Soil descriptions based on PI:
• (0)- Nonplastic
• (<7) - Slightly plastic
• (7-17) - Medium plastic
• >17 - Highly plastic
15. Liquidity index
• The liquidity index (LI) is used for scaling
the natural water content of a soil sample
to the limits.
• It can be calculated as a ratio of difference
between natural water content, plastic limit,
and liquid limit: LI=(W-PL)/(LL-PL) where
W is the natural water content.The value
of LI varies from 0 to 1.
16. Consistency index
• The consistency index (CI) indicates the
consistency (firmness) of a soil.
• It is calculated as CI = (LL-W)/(LL-PL),
where W is the existing water content.
• Soil at the liquid limit will have a
consistency index of 0, while soil at the
plastic limit will have a consistency index
of 1.
17. Shrinkage Index,Flow index & Toughness
Index
• Shrinkage Index : Shrinkage Index(SI) is defined as the
difference between the plastic and shrinkage limits of soil.
In other words it is the range of water content within which
a soil is in a semi solid state of consistency.
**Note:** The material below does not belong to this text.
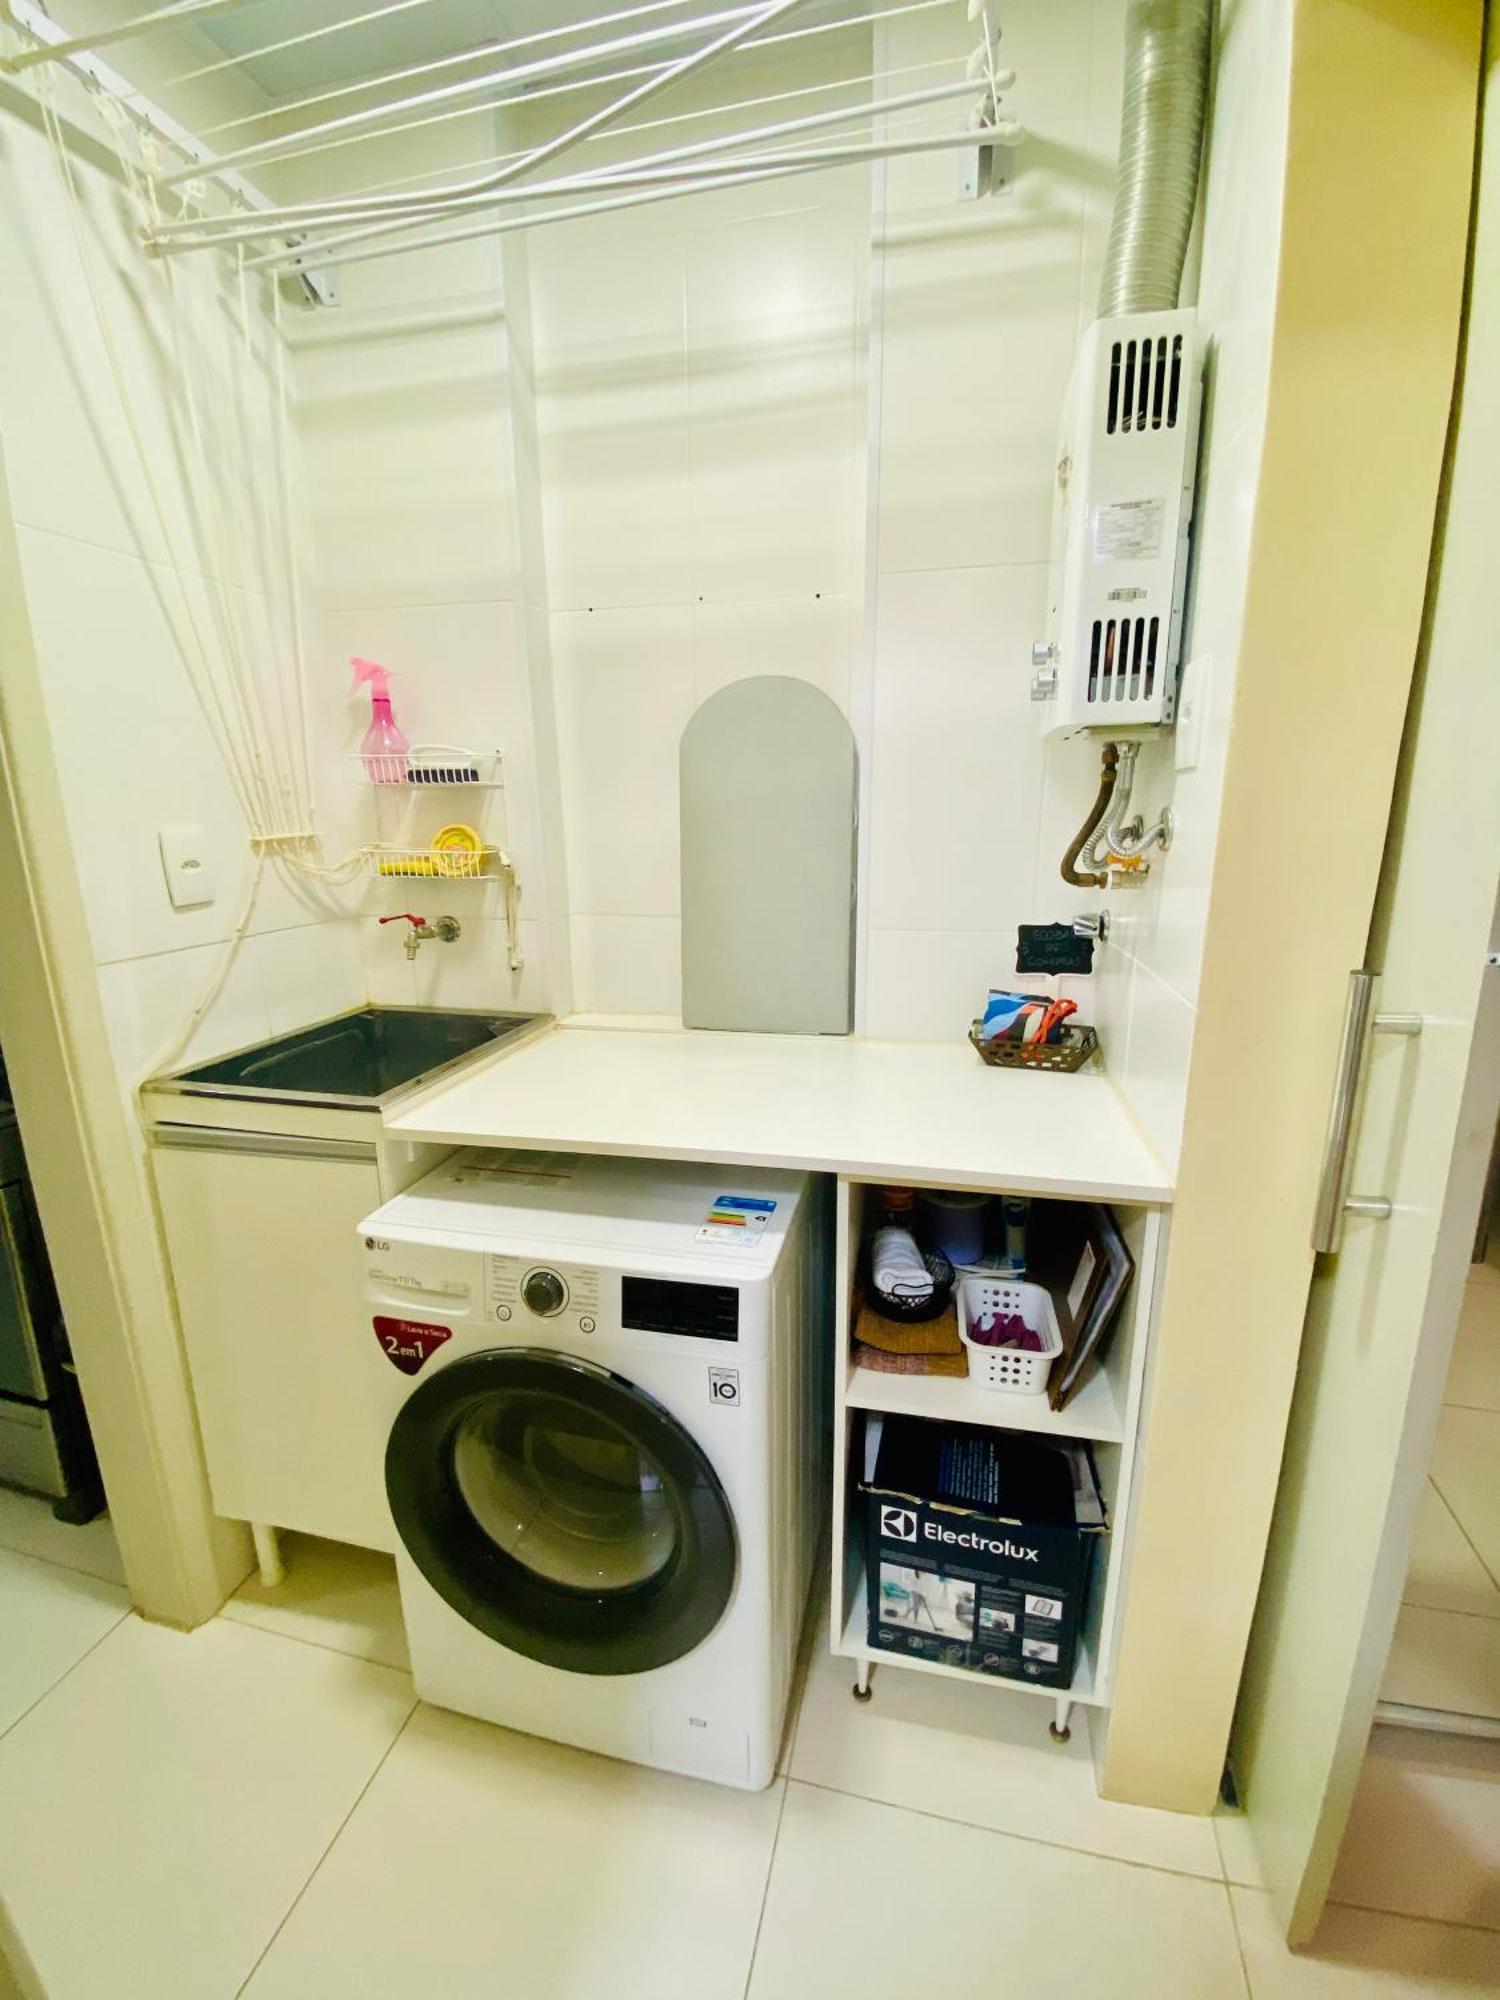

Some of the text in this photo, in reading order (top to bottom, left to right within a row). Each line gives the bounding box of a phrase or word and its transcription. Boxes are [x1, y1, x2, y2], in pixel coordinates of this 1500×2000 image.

[385, 1335, 424, 1359] 2 em 1
[924, 1522, 1039, 1562] Electrolux
SI = PL-SL
• Flow index (FI) : It is the slope of the water content versus
log10 of the blows number plot for the Casagrande cup
method. It is the measure of the rate at which soil mass
loses its shear strength with increased water content.
• Toughness Index: Toughness index is defined as the ratio
of plasticity index (PI) of the soil to the flow index (FI) of
the soil. Toughness index varies between 0 to 3. This gives
us an idea of shear strength of soil at its plastic limit.